Meski Hinata mampu menutupi kegelisahannya dengan sikap tenang yang terasa luar biasa dewasa (ia memang lebih dewasa dibanding anak seumurannya karena sudah ditinggal ibunya sejak kecil), Hinata terkadang tetap tidak bisa membohongi perasaannya yang ingin mengutuk kondisinya sekarang. Dan meski Sasuke sangat baik padanya, tapi Hinata tetaplah gadis remaja yang ingin menjalani harinya dengan biasa—termasuk dalam masalah percintaan.

Hinata ingin jatuh cinta seperti teman-temannya yang lain. Berpacaran secara wajar—mungkin sesekali bertengkar—sebelum semakin menumbuhkembangkan perasaan indah tersebut. Wajar dan bukan karena keterpaksaan.

Tapi, bukan hanya ia yang merasa takdir ini tidak bergulir sebagaimana keinginannya. Tentu bagi Sasuke juga mungkin semua ini di luar rencananya. Mungkin … tapi …

Getaran di ponselnya membuat Hinata tersentak. Seketika, renungannya menguap, diganti kekagetan yang membuatnya sedikit terpekik.

"Hyaaa?" Hinata menenangkan debaran jantungnya sebelum matanya memelototi pesan baru yang masuk ke dalam ponselnya. Dari Sasuke, balasan atas pesannya.

'Aku sedang bersama rekan kerjaku. Ada apa?'

"Haaaahhhh…." Hinata menghela napas panjang bersamaan dengan gerakan kepalanya yang kembali menunduk. Sesuai dugaan, Sasuke menanyakan alasan mengapa Hinata mengirimkan pesan tersebut padanya. "Dan sampai sekarang aku belum tahu kenapa aku mengirimkan pesan itu padanya."

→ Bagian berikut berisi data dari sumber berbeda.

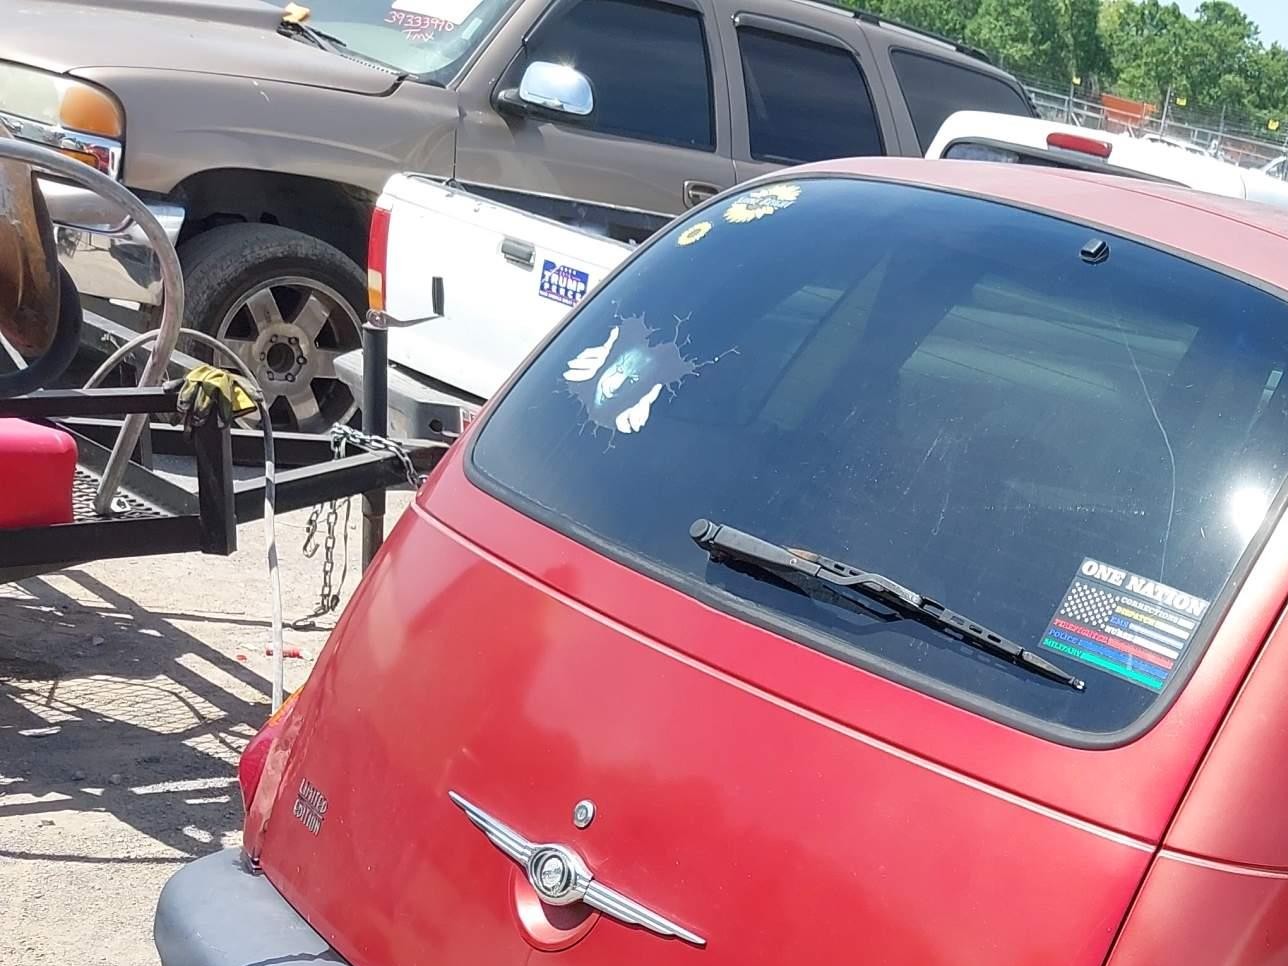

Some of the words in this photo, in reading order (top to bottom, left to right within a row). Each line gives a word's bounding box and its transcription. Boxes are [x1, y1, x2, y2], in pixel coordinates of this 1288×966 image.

[543, 270, 586, 292] TRUMP
[543, 282, 582, 301] PENCE
[1081, 559, 1126, 586] ONE
[1125, 575, 1208, 615] NATION
[1109, 615, 1130, 629] EMS
[1048, 629, 1079, 646] POLICE
[1042, 638, 1083, 659] MILITARY
[299, 778, 328, 814] LIMITED
[293, 799, 321, 836] EDITION
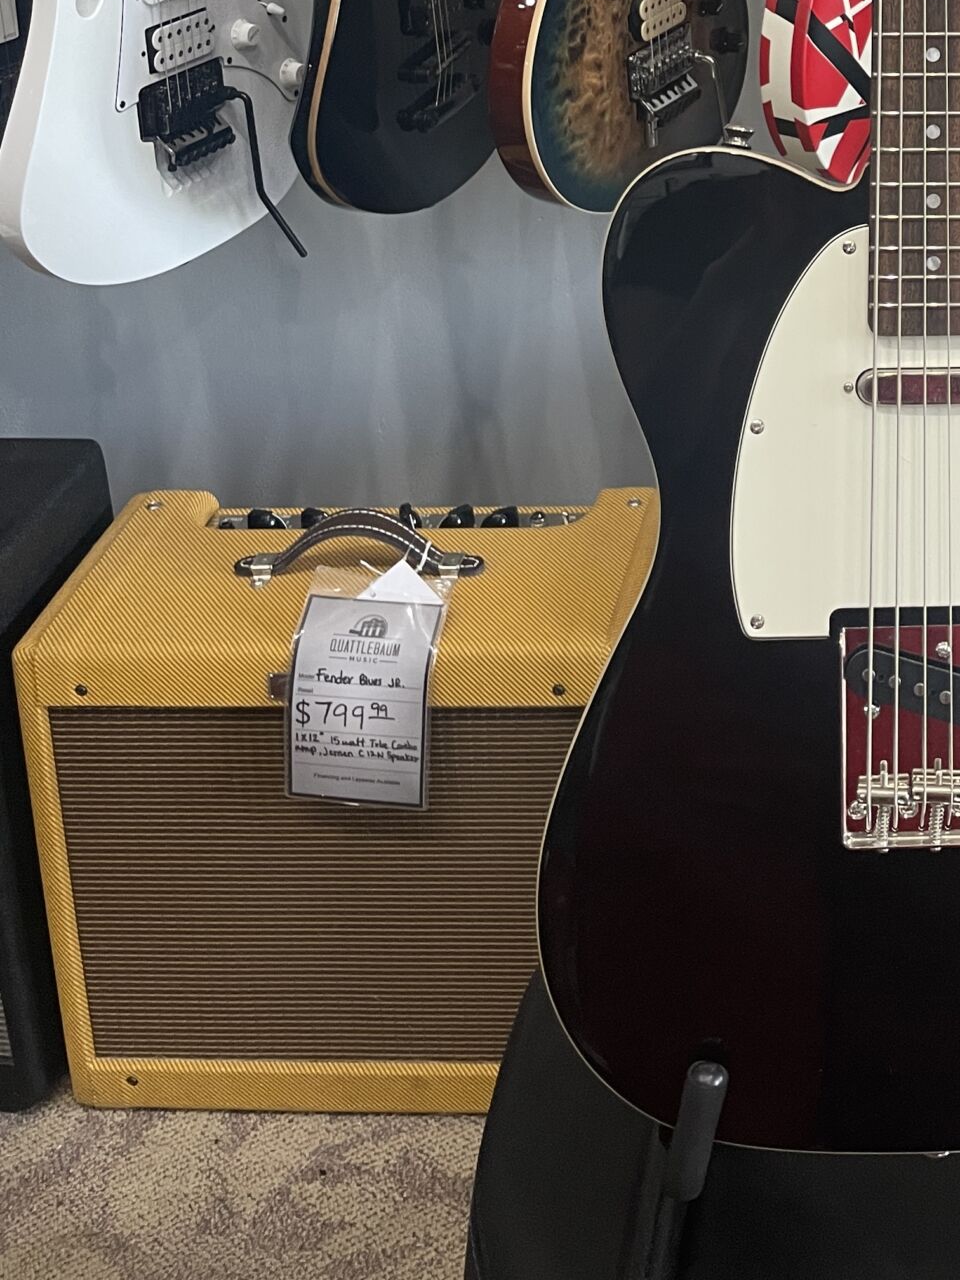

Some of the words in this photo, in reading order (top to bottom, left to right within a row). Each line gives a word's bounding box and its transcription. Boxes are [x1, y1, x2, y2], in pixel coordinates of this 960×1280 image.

[329, 637, 401, 658] QUATTLEBAUM
[348, 655, 379, 665] MUSIC
[316, 667, 354, 686] Fender
[358, 673, 383, 687] Blues

Masih memegangi ponselnya, Hinata kemudian beranjak ke kasur dan menjatuhkan dirinya di sana. Bunyi 'blugh' pelan terdengar sekilas. Bunyi itu seakan menjadi aba-aba bagi Hinata untuk kemudian memejamkan mata. Kedua tangan berada di sisi-sisi tubuhnya.

Lagi, kata-kata Sai tadi menusuk sanubarinya. Hinata seolah ditampar oleh kenyataan yang dilontarkan secara sarkas. Ucapan Sai itu tidak sepenuhnya salah. Tapi Hinata yang paling tahu—ucapan Sai itu juga tidak sepenuhnya benar.

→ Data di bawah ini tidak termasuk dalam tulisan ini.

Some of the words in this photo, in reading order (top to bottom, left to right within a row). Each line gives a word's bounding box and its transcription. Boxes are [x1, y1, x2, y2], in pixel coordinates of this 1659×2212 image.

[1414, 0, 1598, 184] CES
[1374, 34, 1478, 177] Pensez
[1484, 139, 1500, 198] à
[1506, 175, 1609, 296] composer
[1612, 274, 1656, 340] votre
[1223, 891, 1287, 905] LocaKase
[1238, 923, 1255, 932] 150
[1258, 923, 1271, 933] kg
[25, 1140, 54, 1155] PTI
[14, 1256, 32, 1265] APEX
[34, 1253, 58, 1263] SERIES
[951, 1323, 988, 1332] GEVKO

Orang polos sekalipun akan segera sadar bahwa Sasuke benar-benar mencintai Hinata—tergila-gila—setelah mendengar ucapan Sai. Dan bagi Hinata, meski ini bukan kenyataan yang mengejutkan, mengingat Sasuke sendiri pernah berterus terang padanya, tapi ia merasa harus merenungkan semua ini kembali.

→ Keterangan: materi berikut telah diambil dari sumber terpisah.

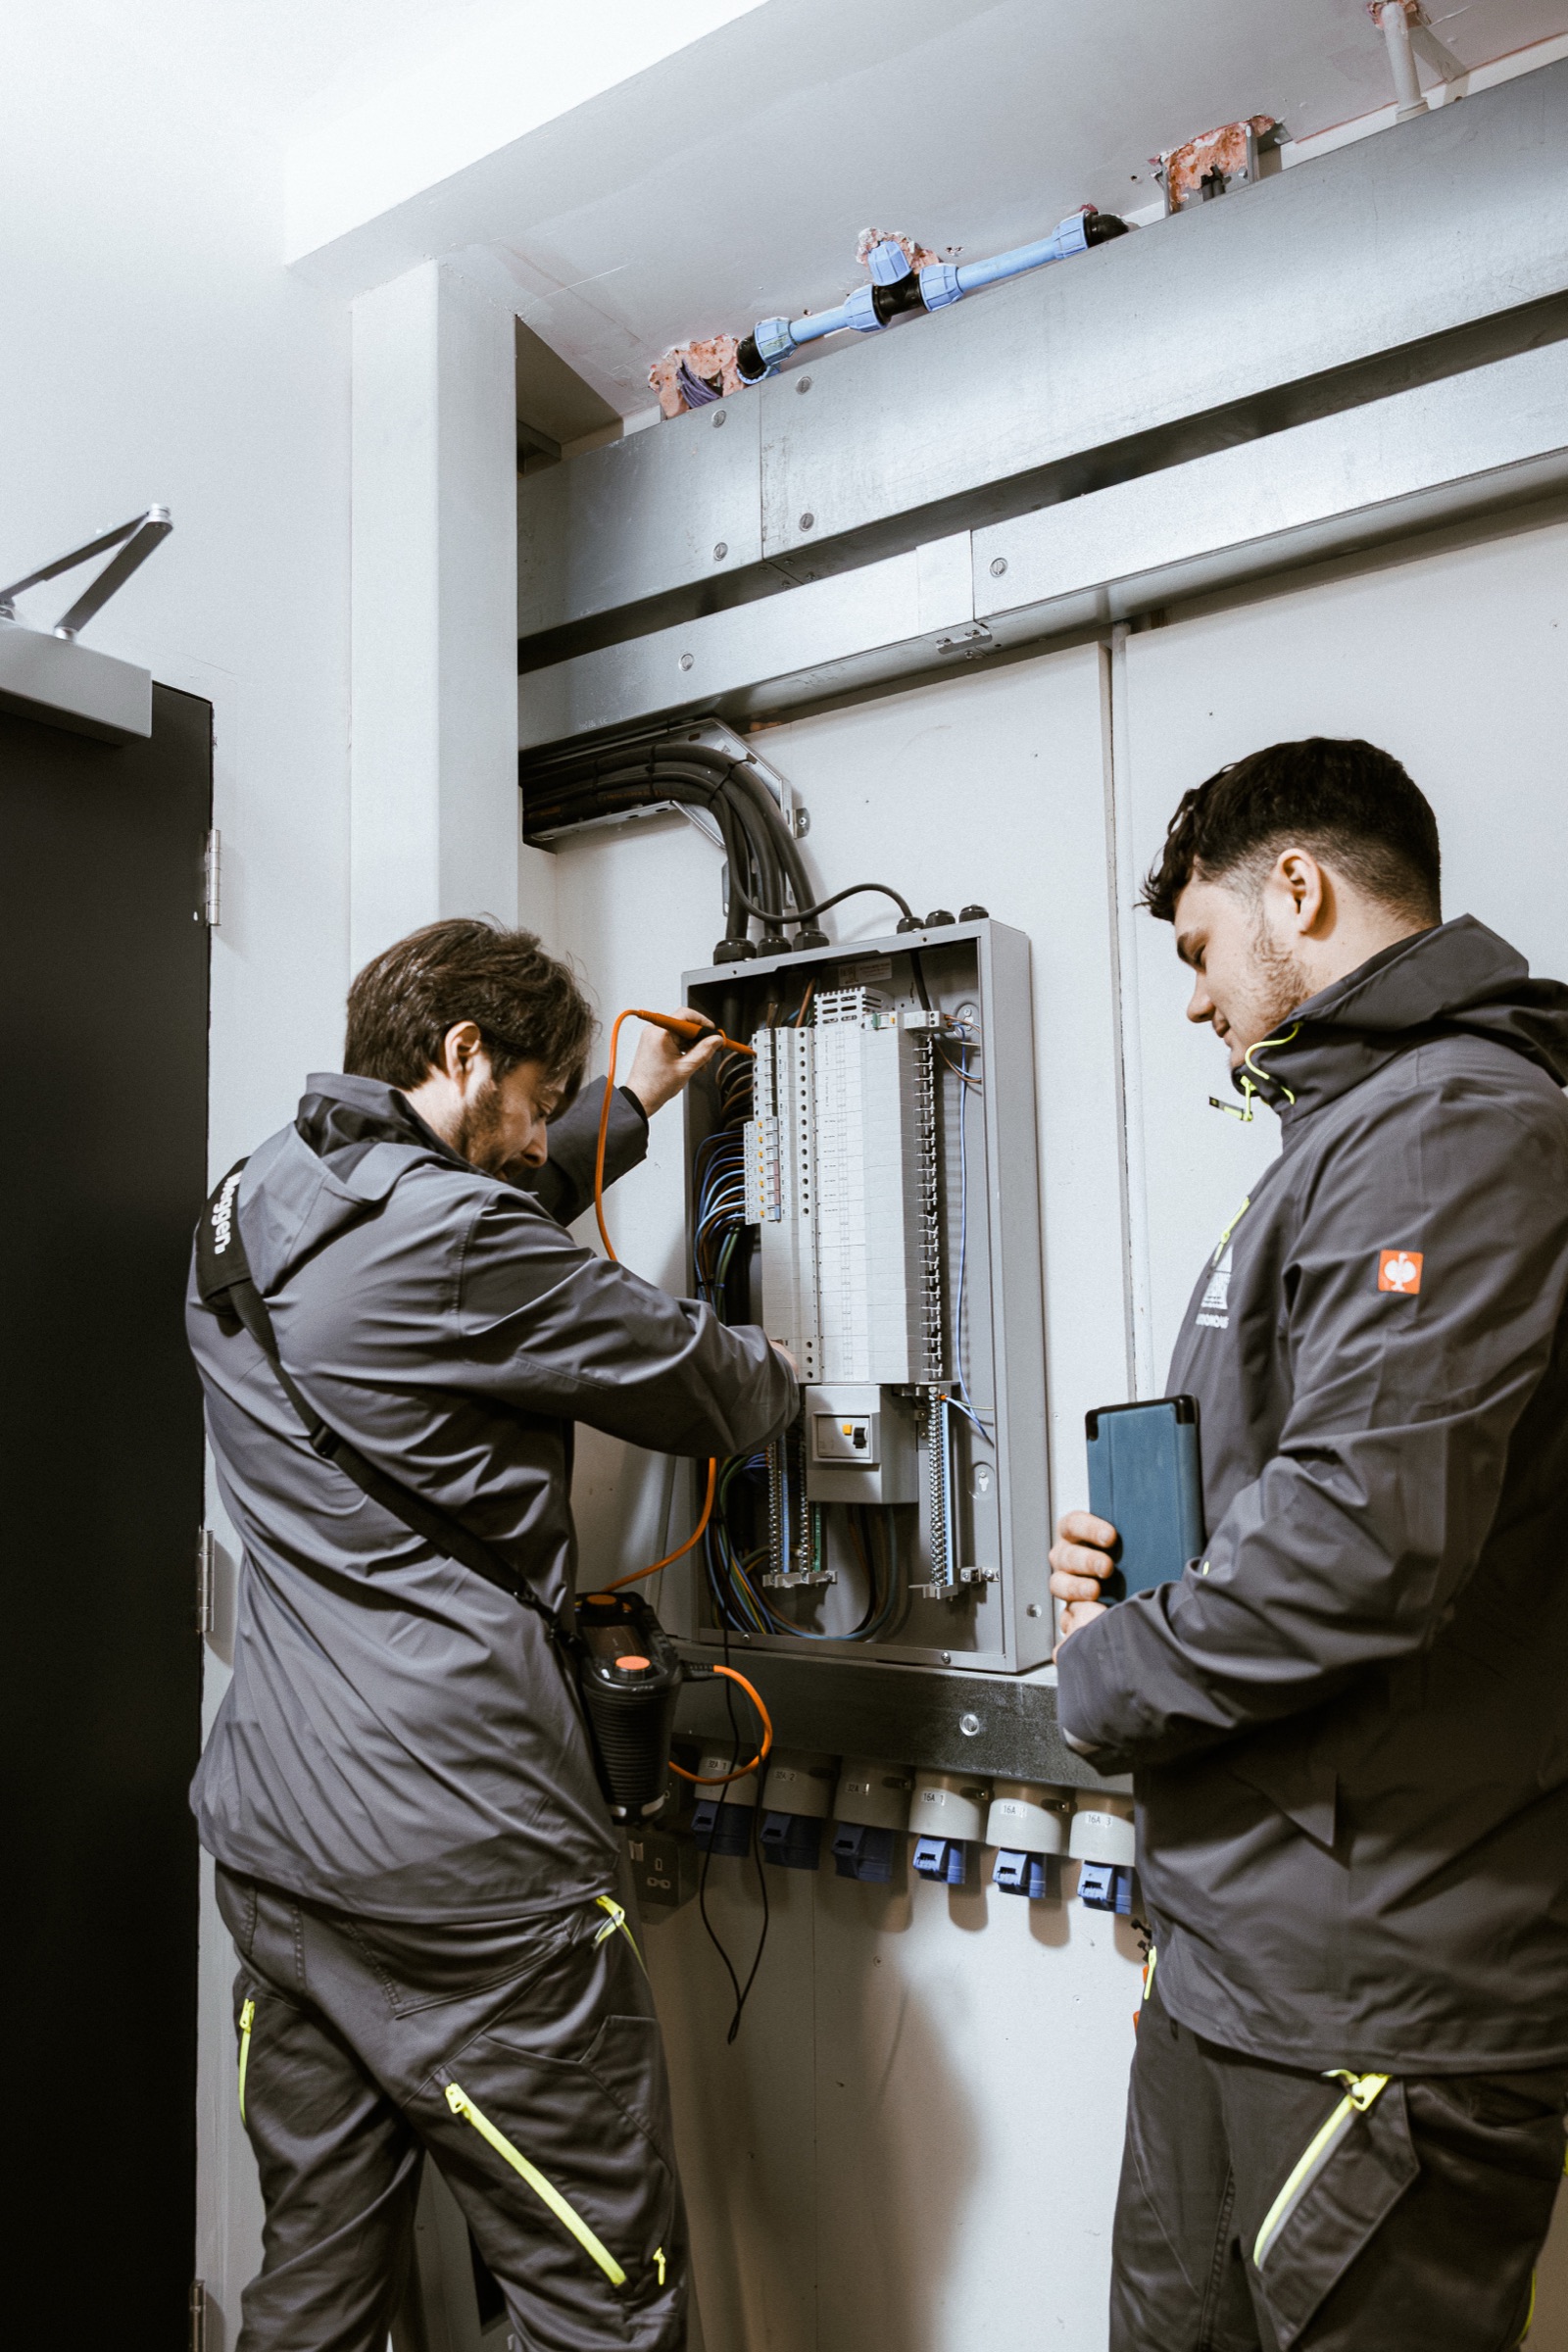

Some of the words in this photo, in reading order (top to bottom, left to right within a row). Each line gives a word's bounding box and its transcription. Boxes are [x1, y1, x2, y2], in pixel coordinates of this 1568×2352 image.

Pertama, perasaan Sasuke. Hinata tahu pemuda itu tulus terhadapnya. Namun mengapa, bagaimana, dan sejak kapan, semua masih samar bagi Hinata. Hinata hanya tahu, tanpa bermaksud bertanya lebih jauh. Bukan tanpa sebab bahwa Hinata berlaku tak acuh. Ia sendiri dalam kondisi yang tidak memungkinkannya untuk mempertanyakan apa-apa. Setidaknya, demikianlah pemikiran Hinata.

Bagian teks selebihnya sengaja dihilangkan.